** DATA LISTING follows **

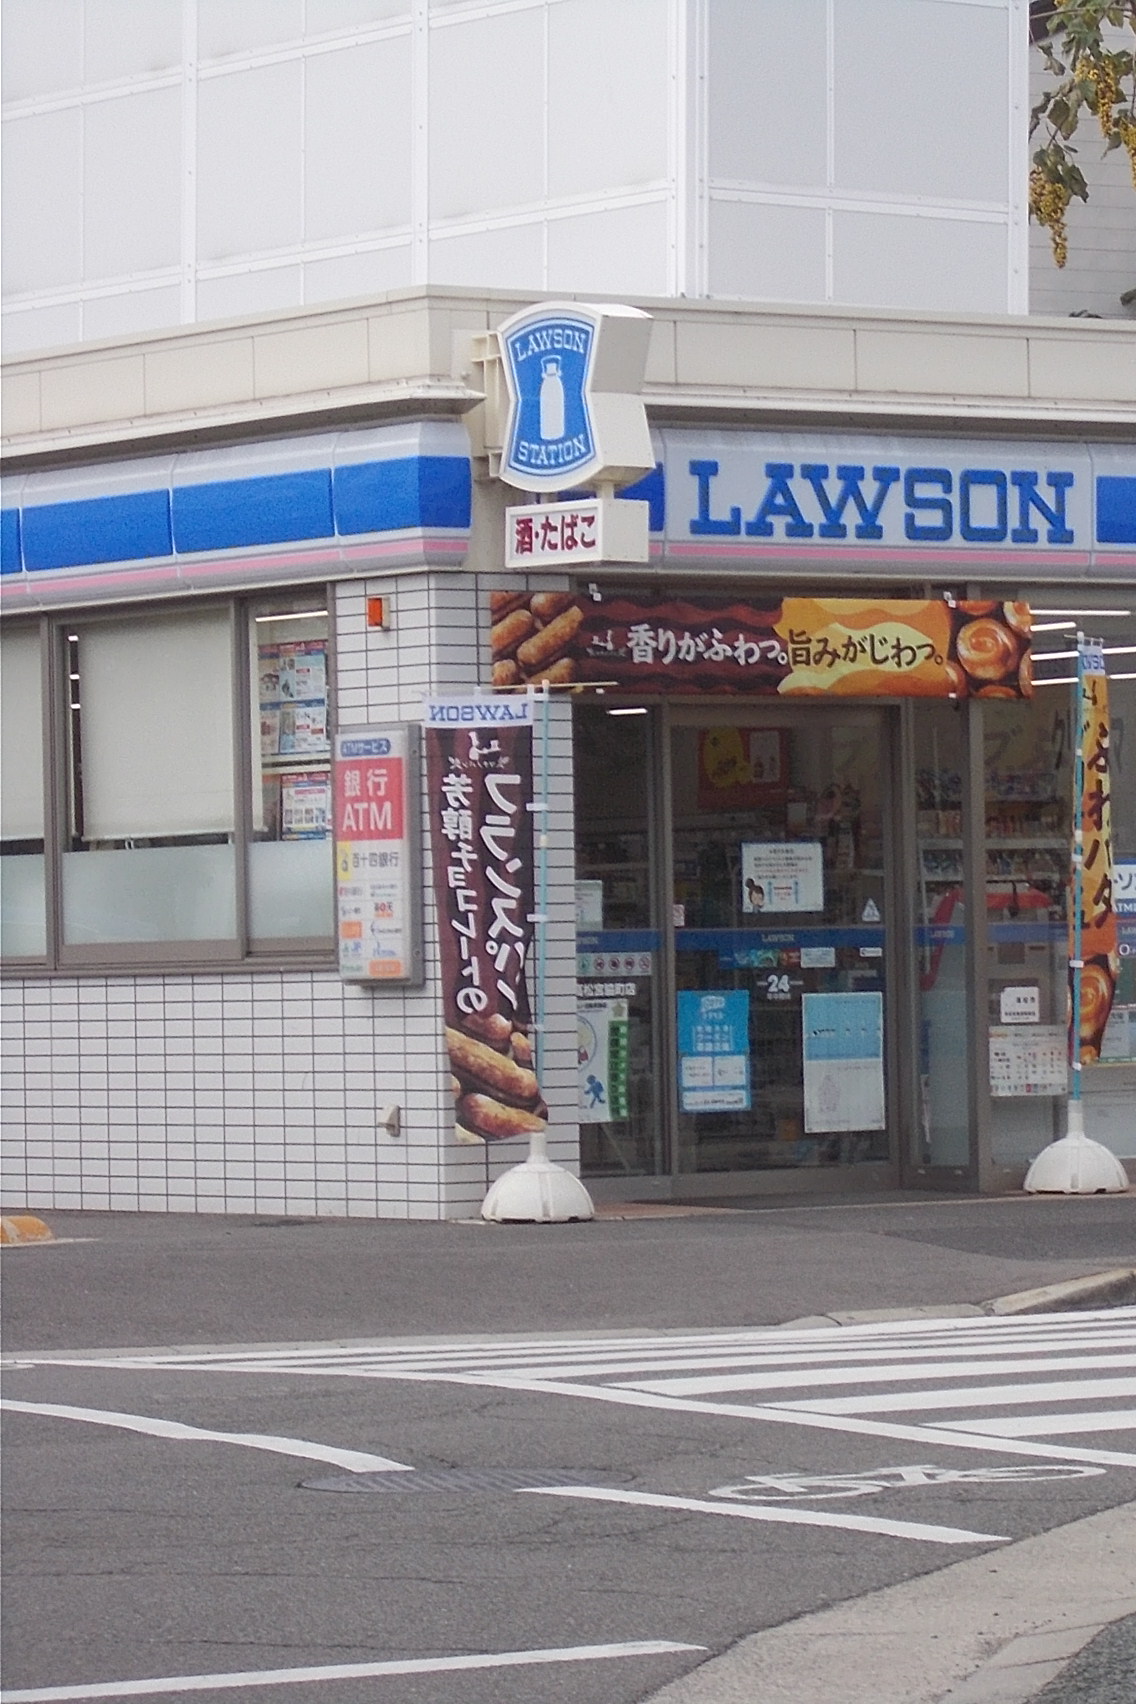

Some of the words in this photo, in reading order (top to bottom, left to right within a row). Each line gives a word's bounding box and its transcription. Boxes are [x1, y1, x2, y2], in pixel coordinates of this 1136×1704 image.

[514, 329, 587, 362] LAWSON
[518, 435, 587, 466] STATION
[688, 459, 1074, 544] LAWSON
[514, 514, 597, 555] 酒・たばこ
[343, 768, 389, 798] 銀行
[342, 800, 393, 832] ATM
[766, 974, 791, 993] 24
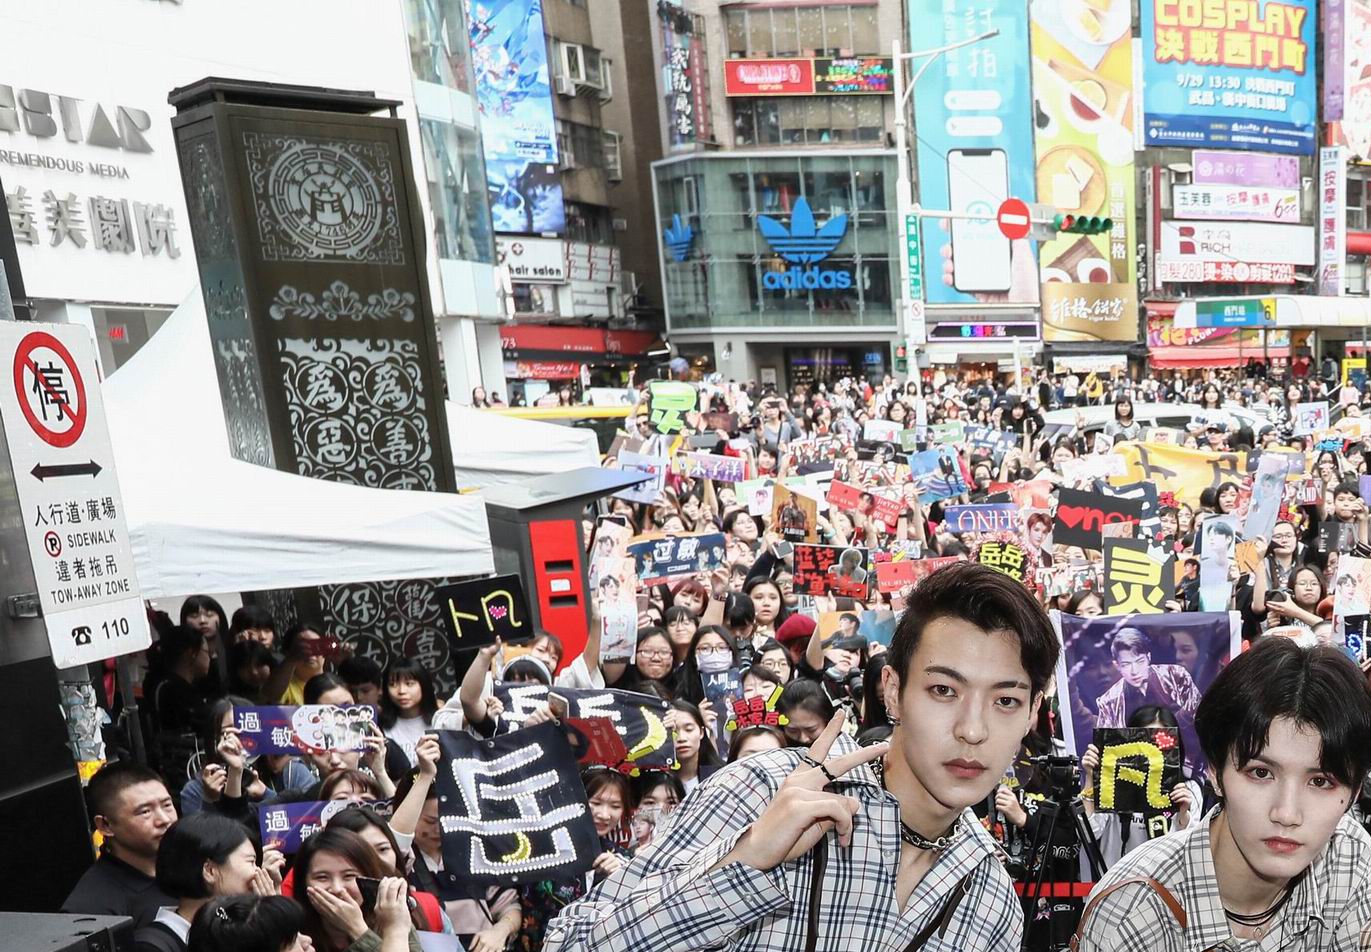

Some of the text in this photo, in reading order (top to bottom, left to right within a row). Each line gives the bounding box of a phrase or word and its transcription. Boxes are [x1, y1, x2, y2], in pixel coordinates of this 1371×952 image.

[1155, 0, 1306, 38] COSPLAY
[1156, 29, 1306, 74] 決戰西門町
[1209, 75, 1241, 89] 13:30
[88, 161, 130, 180] MEDIA
[508, 265, 562, 277] hair salon
[763, 266, 851, 290] adidas
[1264, 304, 1271, 321] 6
[32, 361, 70, 421] 停
[68, 529, 117, 548] SIDEWALK
[653, 537, 701, 563] 过敏
[55, 554, 119, 582] 違者拖吊
[979, 542, 1024, 569] 岳岳
[51, 578, 131, 604] TOW-AWAY ZONE
[102, 617, 130, 640] 110
[1099, 741, 1173, 810] 凡
[439, 742, 585, 876] 岳
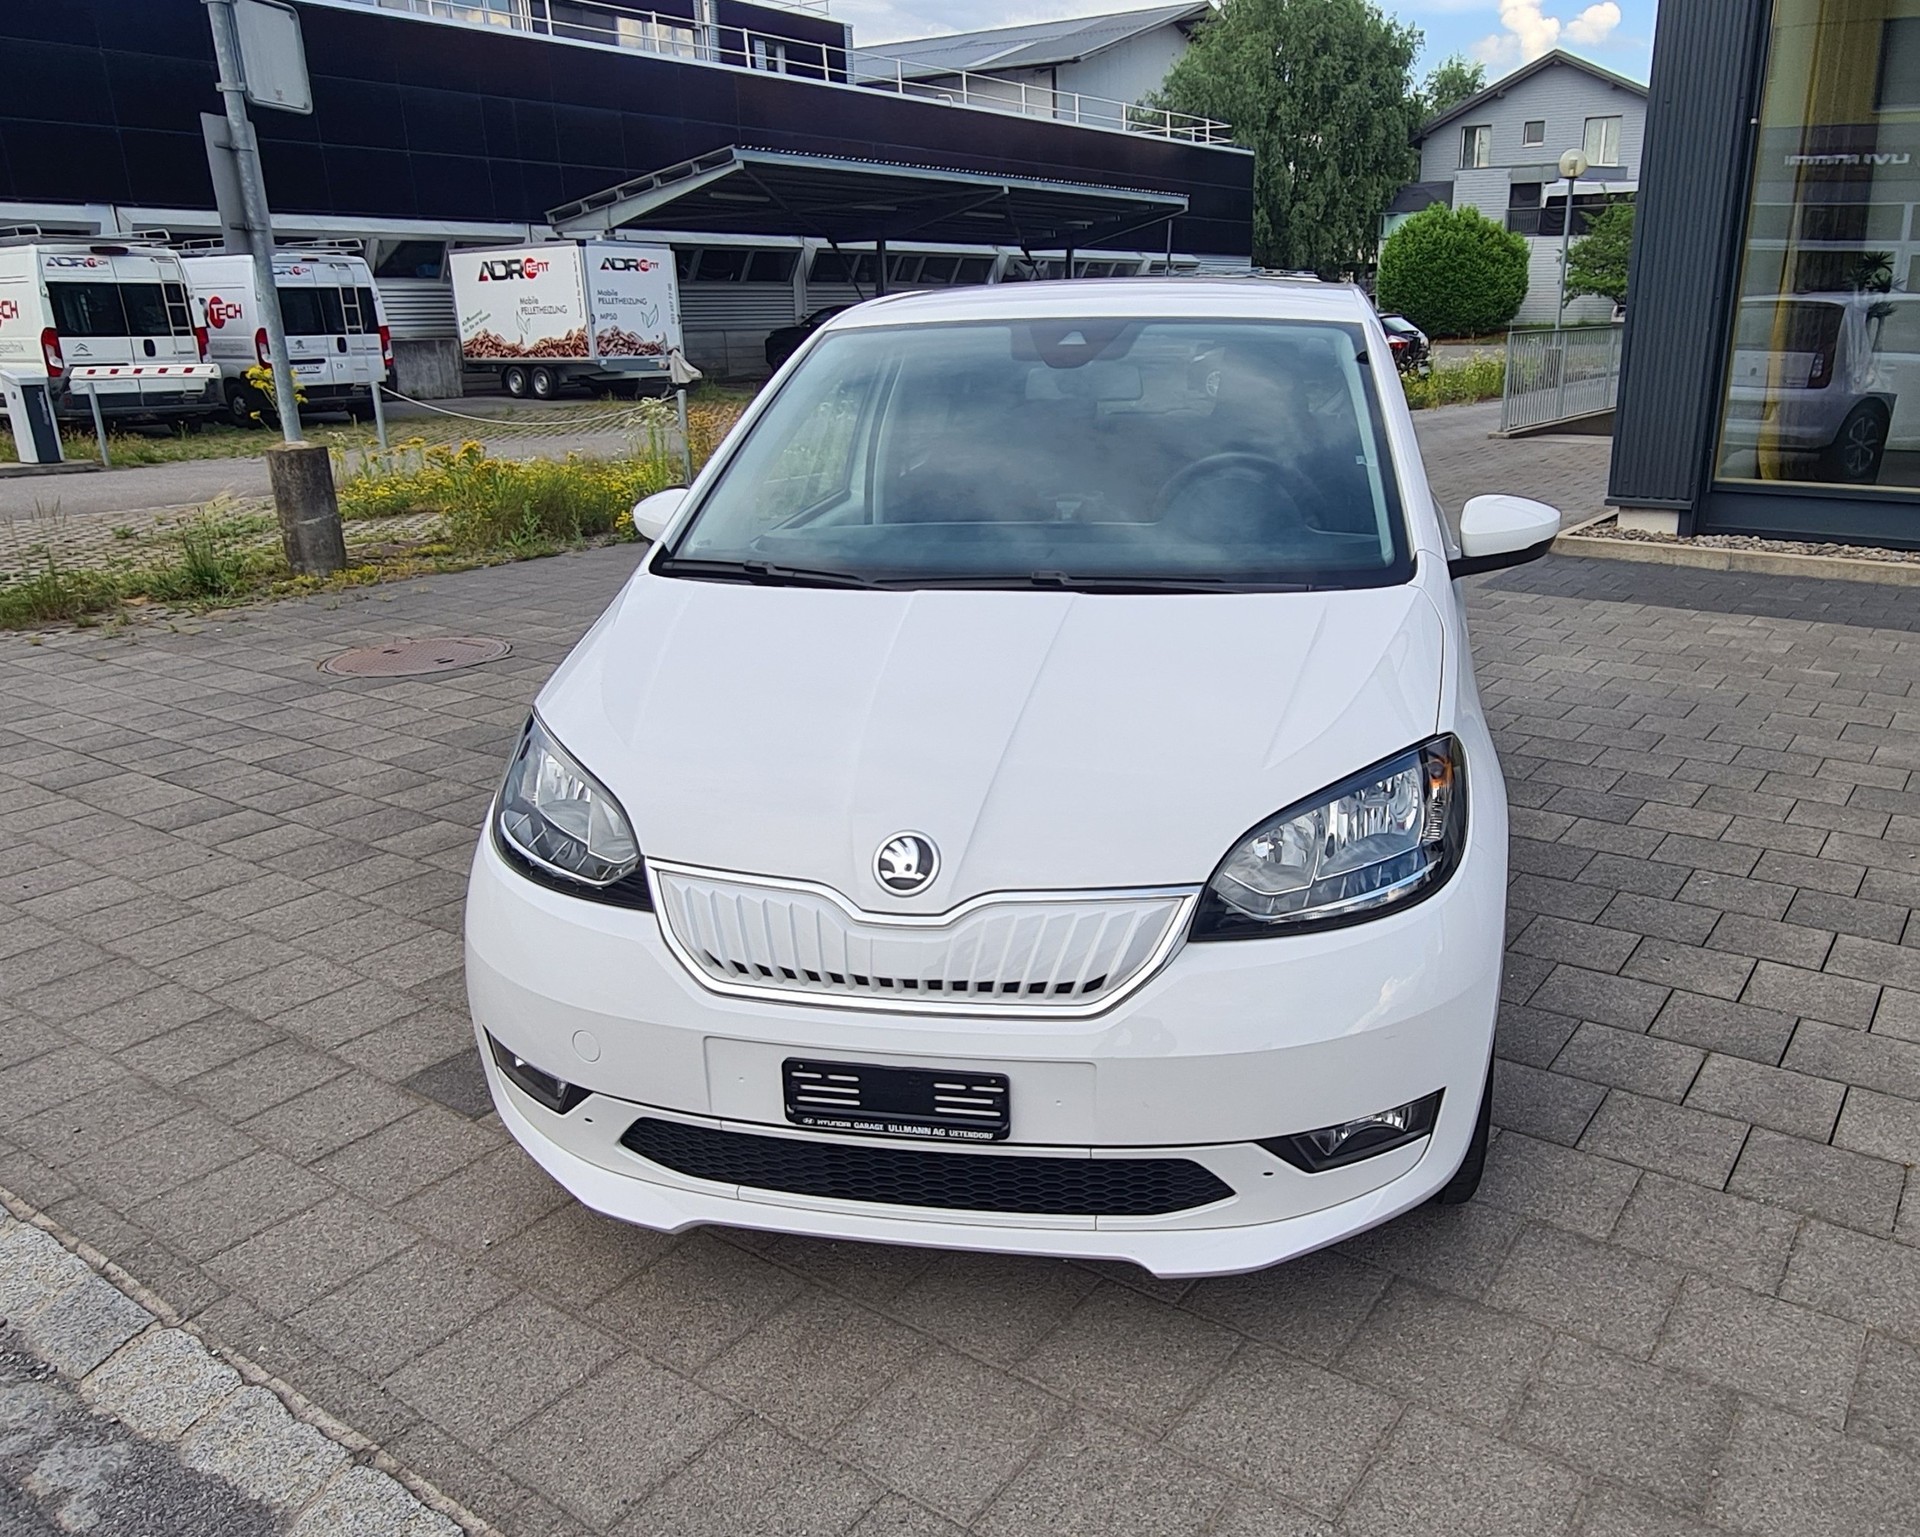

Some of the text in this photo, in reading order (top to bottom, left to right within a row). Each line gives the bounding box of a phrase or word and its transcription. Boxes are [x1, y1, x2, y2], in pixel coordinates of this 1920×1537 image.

** End of DATA LISTING **

* **ASSIGNED TASK**: Output the records above exactly; leave out the pictures.

* **FINISHED EXERCISE**:
Some of the words in this photo, in reading order (top to bottom, left to right within a row). Each line gives a word's bounding box and its transcription. Boxes are [x1, y1, x2, y2], in pixel coordinates of this 1136×1704 image.

[514, 329, 587, 362] LAWSON
[518, 435, 587, 466] STATION
[688, 459, 1074, 544] LAWSON
[514, 514, 597, 555] 酒・たばこ
[343, 768, 389, 798] 銀行
[342, 800, 393, 832] ATM
[766, 974, 791, 993] 24

Some of the text in this photo, in reading order (top to bottom, left to right within a row). Each line gives the bounding box of a phrase or word and its transcription. Boxes are [x1, y1, x2, y2], in pixel coordinates of this 1371×952 image.

[1155, 0, 1306, 38] COSPLAY
[1156, 29, 1306, 74] 決戰西門町
[1209, 75, 1241, 89] 13:30
[88, 161, 130, 180] MEDIA
[508, 265, 562, 277] hair salon
[763, 266, 851, 290] adidas
[1264, 304, 1271, 321] 6
[32, 361, 70, 421] 停
[68, 529, 117, 548] SIDEWALK
[653, 537, 701, 563] 过敏
[55, 554, 119, 582] 違者拖吊
[979, 542, 1024, 569] 岳岳
[51, 578, 131, 604] TOW-AWAY ZONE
[102, 617, 130, 640] 110
[1099, 741, 1173, 810] 凡
[439, 742, 585, 876] 岳

Some of the text in this photo, in reading order (top to bottom, left to right within a row). Each line gives the bounding box of a phrase or word and its transcription. Boxes are [x1, y1, x2, y2], in pixel coordinates of this 1920×1537 image.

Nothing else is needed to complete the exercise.